"""

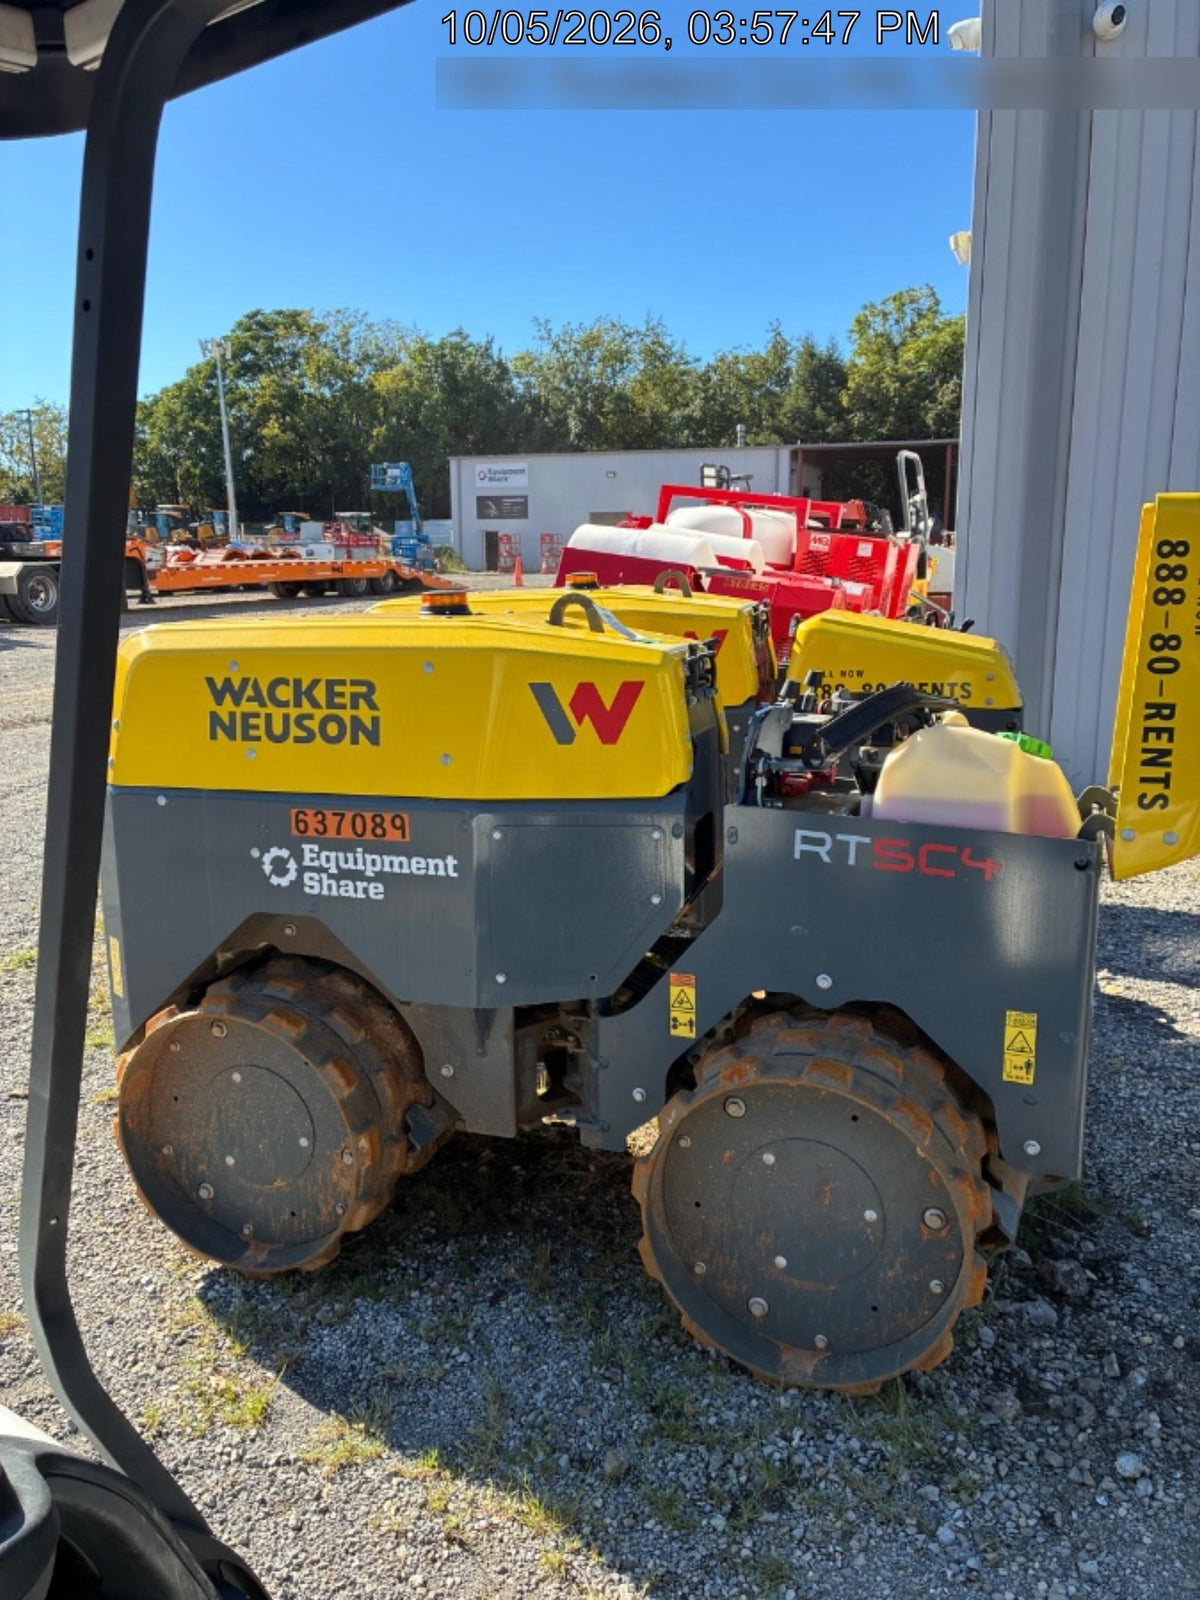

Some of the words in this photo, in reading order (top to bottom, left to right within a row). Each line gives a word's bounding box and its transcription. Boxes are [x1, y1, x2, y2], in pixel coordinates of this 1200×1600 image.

[840, 669, 865, 679] NOW
[1137, 538, 1190, 812] 888-80-RENTS
[204, 676, 381, 711] WACKER
[208, 710, 381, 747] NEUSON
[294, 810, 407, 839] 637089
[301, 844, 459, 877] Equipment
[303, 871, 385, 900] Share
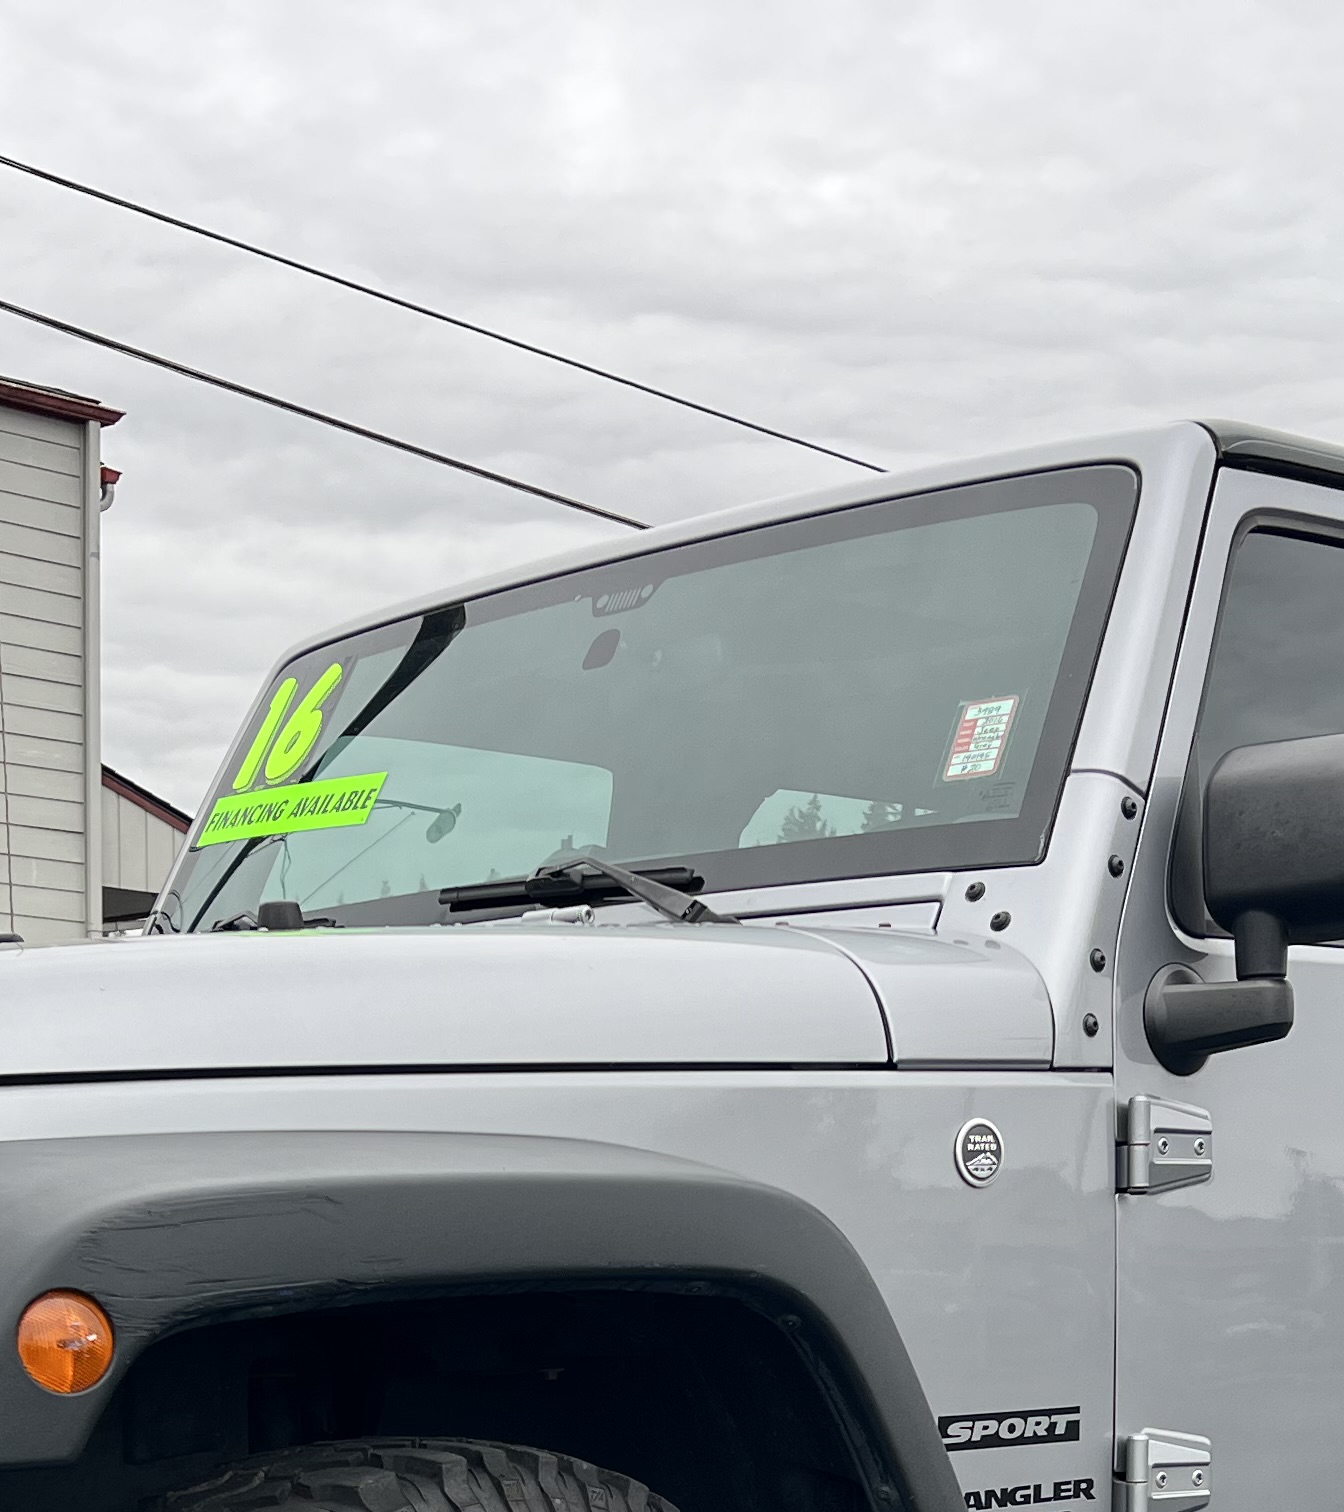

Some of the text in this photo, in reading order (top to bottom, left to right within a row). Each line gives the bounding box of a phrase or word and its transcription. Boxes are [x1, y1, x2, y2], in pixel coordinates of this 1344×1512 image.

[232, 662, 343, 793] 16
[204, 788, 378, 833] FINANCING AVAILABLE
[967, 1134, 995, 1144] TRAIL
[967, 1143, 997, 1152] RATED
[942, 1412, 1081, 1445] SPORT
[963, 1478, 1096, 1511] ANGLER

"""

◆ Directions: Transcribe each entry exactly; images stay out.

◆ Solution below:
Some of the words in this photo, in reading order (top to bottom, left to right within a row). Each line gives a word's bounding box and its transcription. Boxes are [x1, y1, x2, y2], in pixel coordinates of this 1200×1600 image.

[840, 669, 865, 679] NOW
[1137, 538, 1190, 812] 888-80-RENTS
[204, 676, 381, 711] WACKER
[208, 710, 381, 747] NEUSON
[294, 810, 407, 839] 637089
[301, 844, 459, 877] Equipment
[303, 871, 385, 900] Share

Some of the text in this photo, in reading order (top to bottom, left to right within a row). Each line gives the bounding box of a phrase or word and its transcription. Boxes are [x1, y1, x2, y2], in pixel coordinates of this 1344×1512 image.

[232, 662, 343, 793] 16
[204, 788, 378, 833] FINANCING AVAILABLE
[967, 1134, 995, 1144] TRAIL
[967, 1143, 997, 1152] RATED
[942, 1412, 1081, 1445] SPORT
[963, 1478, 1096, 1511] ANGLER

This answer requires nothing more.